Raising learners' awareness of the high occurrence of schwa is a priority and this may be achieved through consistently eliciting word stress and schwa, appropriate modeling, choral and individual drilling. According to Thompson (1987), another area that Japanese learners have problems with is English loan words, due to the accent usually being placed on the third-to-last syllable of such words. This accent pattern often leads to mispronunciation that may be overcome with time and effort by employing those measures mentioned with regard to word stress and schwa.

Rhythm

English Rhythm

English is generally considered to have a stress-timed rhythm that is essentially created by the combination of word and sentence stress (Celce-Murcia et al., 1996). However, there is no firm evidence for the existence of stress-timed regular rhythm in English (Marks, 1999; McCarthy, 1991; Roach, 2000) and it may be "no more than a convenient fiction for the classroom" (Jenkins, 1998, p.123).

Connected speech

In connected speech, content words maintain some level of prominence throughout (Cruttenden, 2001). However, as Roach (2000) mentions, function words have two forms -- a strong form (in particular situations or when uttered in isolation) and a weak form (which is the more usual, unstressed form):

In order to facilitate the relative regularity of English rhythm in connected speech, other adjustments need to be made (Celce-Murcia et al., 1996).

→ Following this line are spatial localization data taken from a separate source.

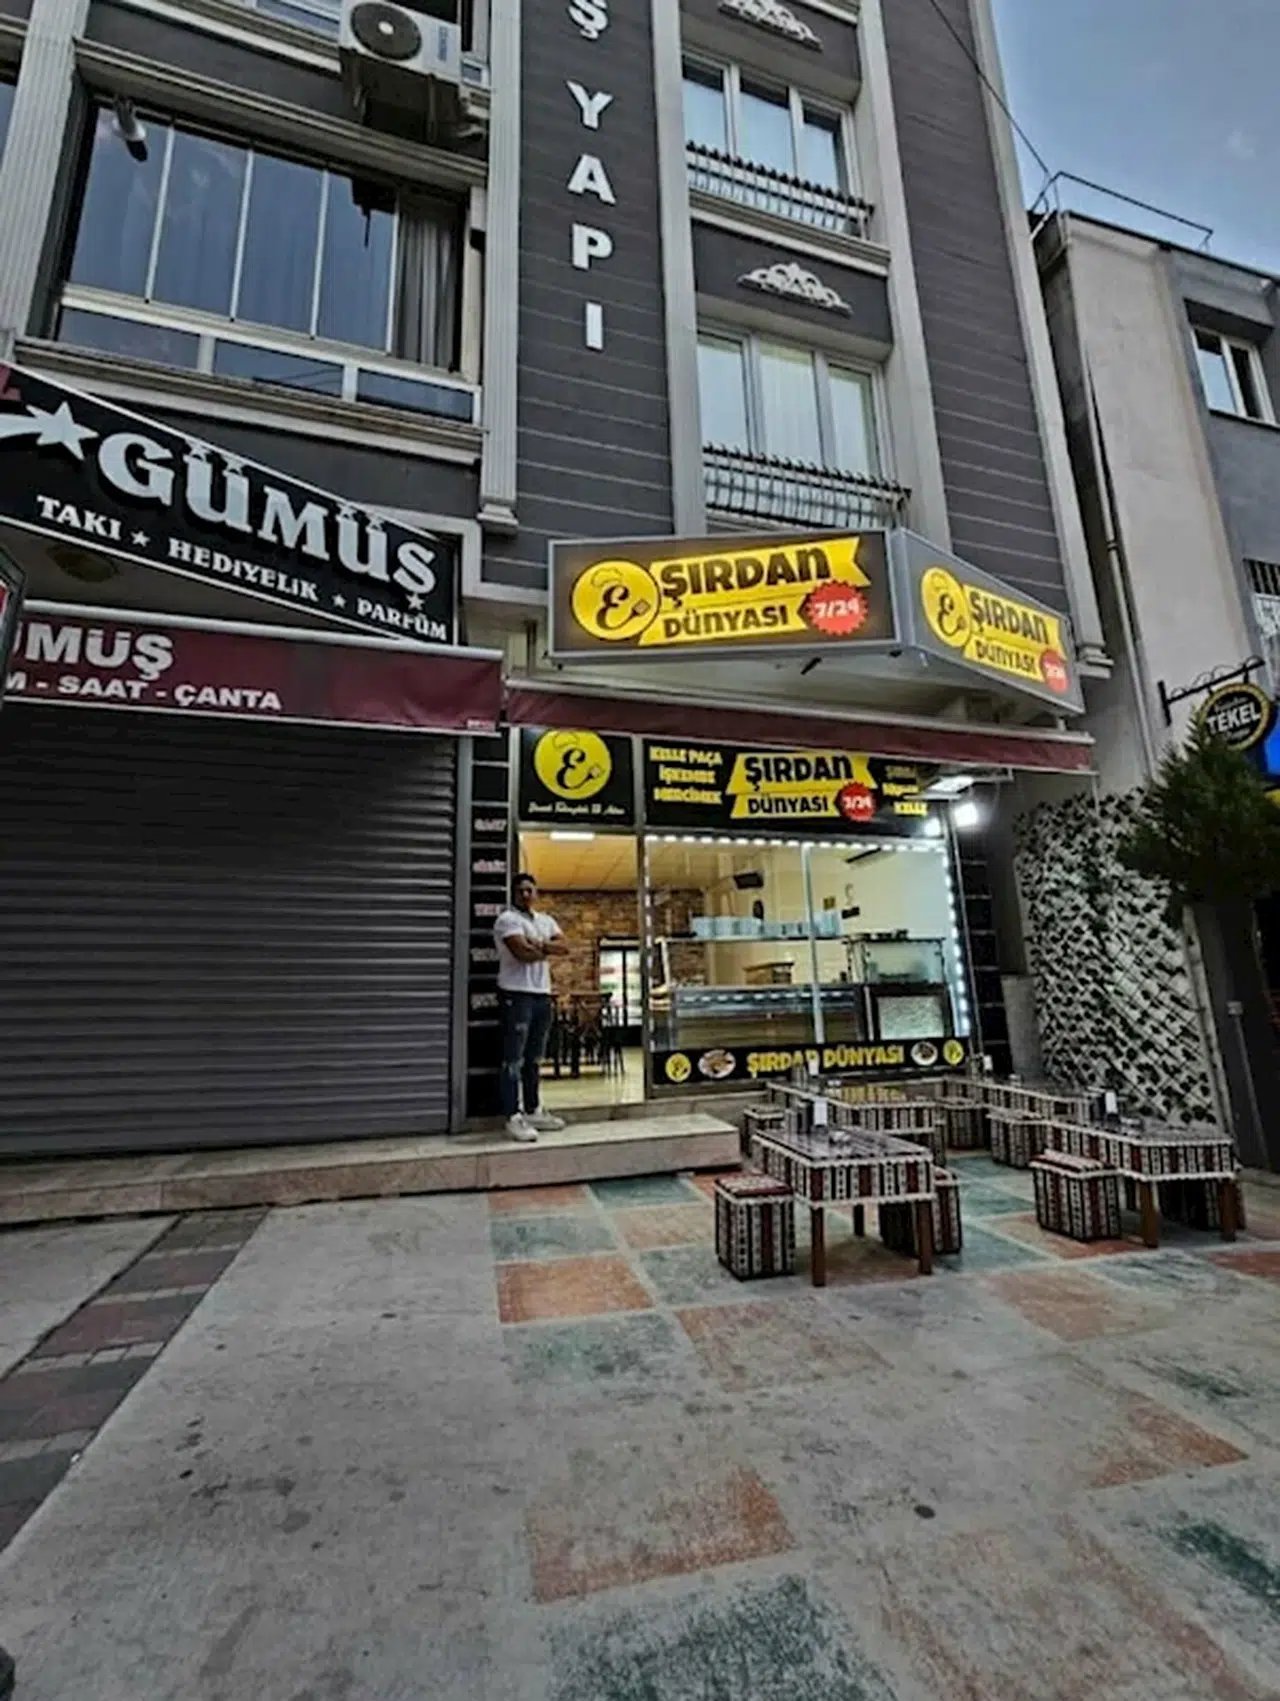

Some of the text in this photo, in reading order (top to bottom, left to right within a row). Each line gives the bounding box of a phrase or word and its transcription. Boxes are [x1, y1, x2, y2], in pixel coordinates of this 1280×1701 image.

[566, 79, 617, 351] YAPI
[36, 495, 123, 541] TAKI
[357, 598, 448, 641] PARFÜM
[98, 431, 437, 611] GÜMÜŞ
[14, 621, 175, 682] MÜŞ
[57, 674, 150, 700] SAAT
[174, 683, 283, 711] ÇANTA
[1206, 701, 1261, 735] TEKEL

(For further details see Dalton & Seidlhofer, 1994; Kelly, 2000; Kenworthy, 1987)

Japanese rhythm
Japanese is considered to be a syllable-timed language because all syllables are pronounced with equal duration. There is no strong pattern of stress, and rhythm "is a function of the number of syllables in a given phrase, not the number of stressed elements" (Celce-Murcia et al., 1996, p.153).
In Japanese, modifications in connected speech are apparent in both function and content words (Tsujimura, 2000):

Kuru no nara Kuru n nara if it is that you come

Shiranai Shi n nai don't know

Atarimae Atarimee of course

However, these alterations have little to do with maintaining rhythm as they do in English, as the syllable count and syllable duration in Japanese always remain consistent regardless of the adjustments described. Rather, they occur as a result of an increase in articulation rate or the use of casual speech (Tsujimura, 2000).

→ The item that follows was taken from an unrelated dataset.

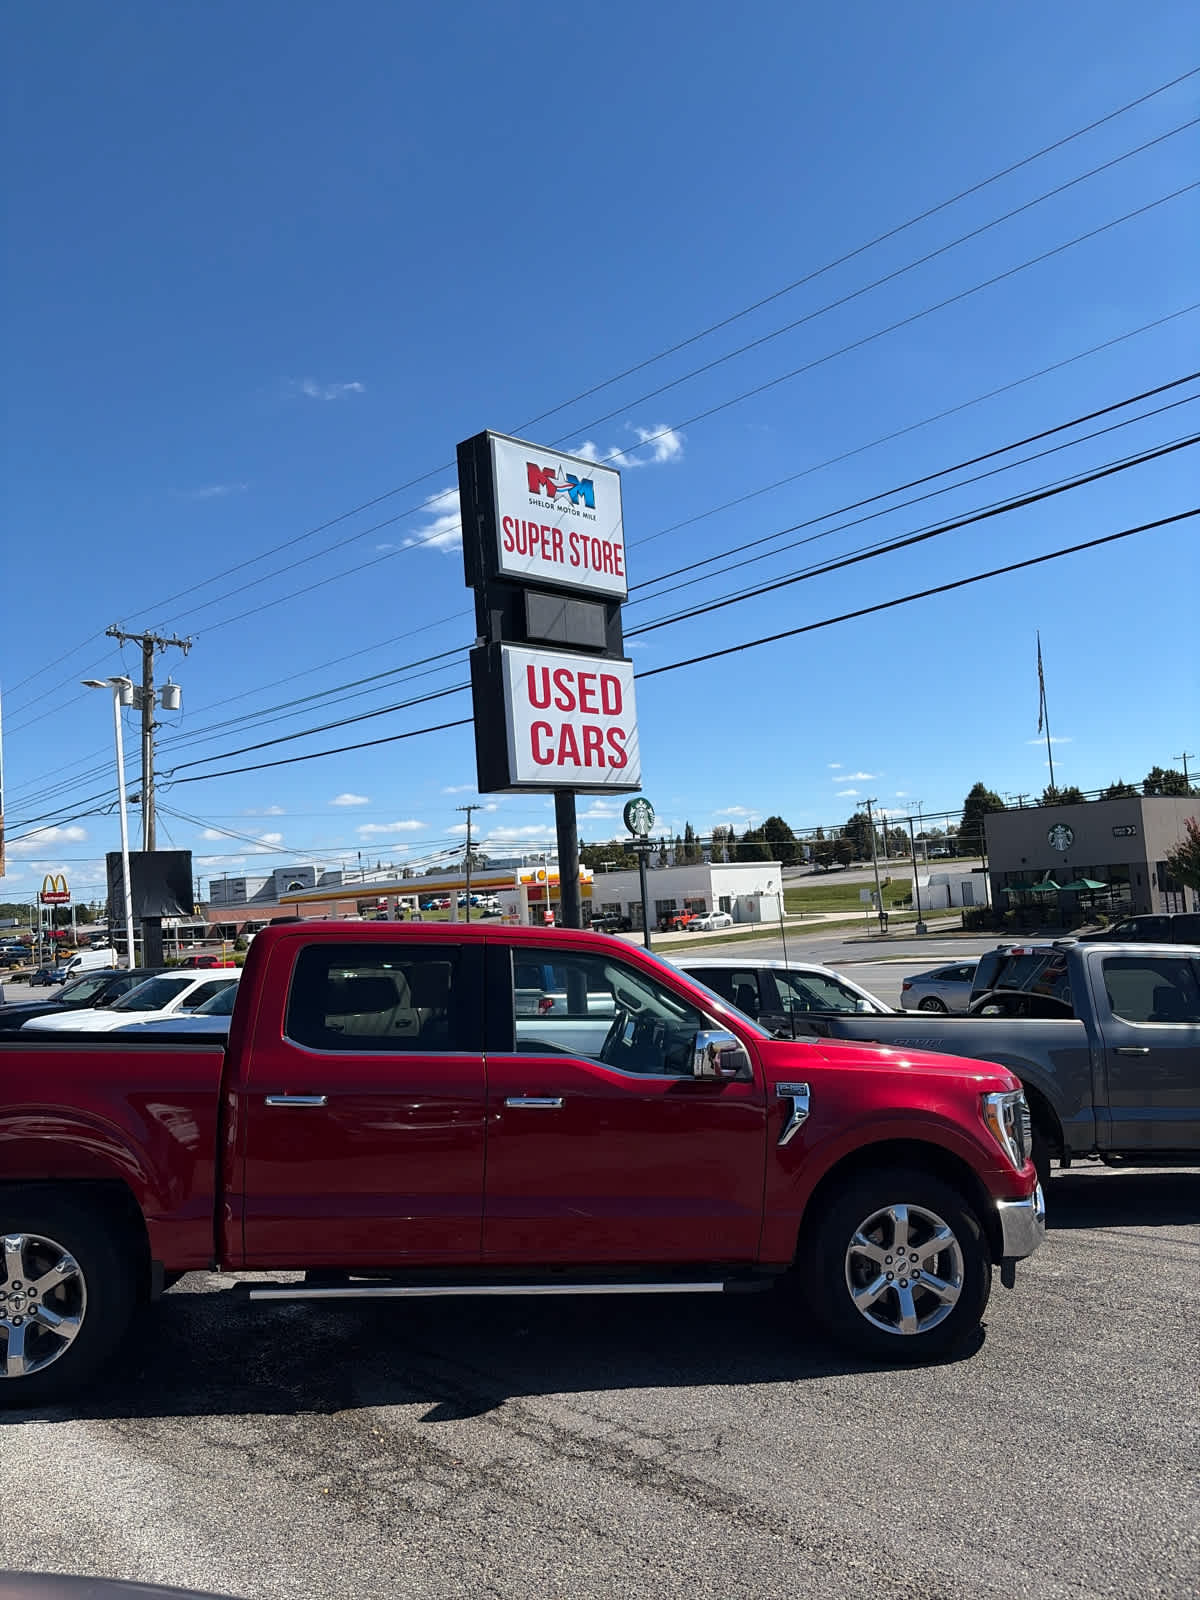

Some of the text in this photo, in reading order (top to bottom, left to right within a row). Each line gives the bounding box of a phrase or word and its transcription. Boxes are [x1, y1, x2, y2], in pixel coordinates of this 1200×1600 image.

[528, 498, 597, 521] SHELOR MOTOR MILE
[502, 515, 624, 577] SUPER STORE
[527, 665, 623, 716] USED
[530, 720, 628, 769] CARS

Raising awareness of stress-timed rhythm

In general, most Japanese learners have an awareness of English stress and are relatively good at recognizing and repeating the rhythmical patterns of English at a slower tempo. However, incorporating features of connected speech when repeating utterances at a more natural rate causes considerable difficulties. Therefore, remedial awareness-raising activities need to be provided, including the use of phonemic transcripts to highlight features of connected speech, clear modeling of voice quality settings, emphasizing rhythm by clapping on stressed syllables in contrast to unstressed syllables, and teaching ideas built around strongly rhythmical material such as nursery rhymes, limericks, songs, and jazz chants (see Laroy, 1995; Means, 1998). In addition, Kelly (2000, pp.116-121) provides sample lessons focusing on weak forms, assimilation, elision, and linking.

Intonation

Intonation describes the way different kinds of meaning are conveyed in discourse through the use of pitch patterns (Dalton & Seidlhofer, 1994; Roach, 2000).

English intonation

There are four central elements of English intonation: (a) tone units -- one or more in each utterance; (b) tones -- the main movement of pitch in a tone unit; (c) tonic syllables -- prominent syllables where the main pitch movement occurs; and (d) onset syllables -- syllables which establish a constant pitch (or key)1 up to the tonic syllable (Brazil, 1997). These elements are indicated using conventional notation in Figure 1.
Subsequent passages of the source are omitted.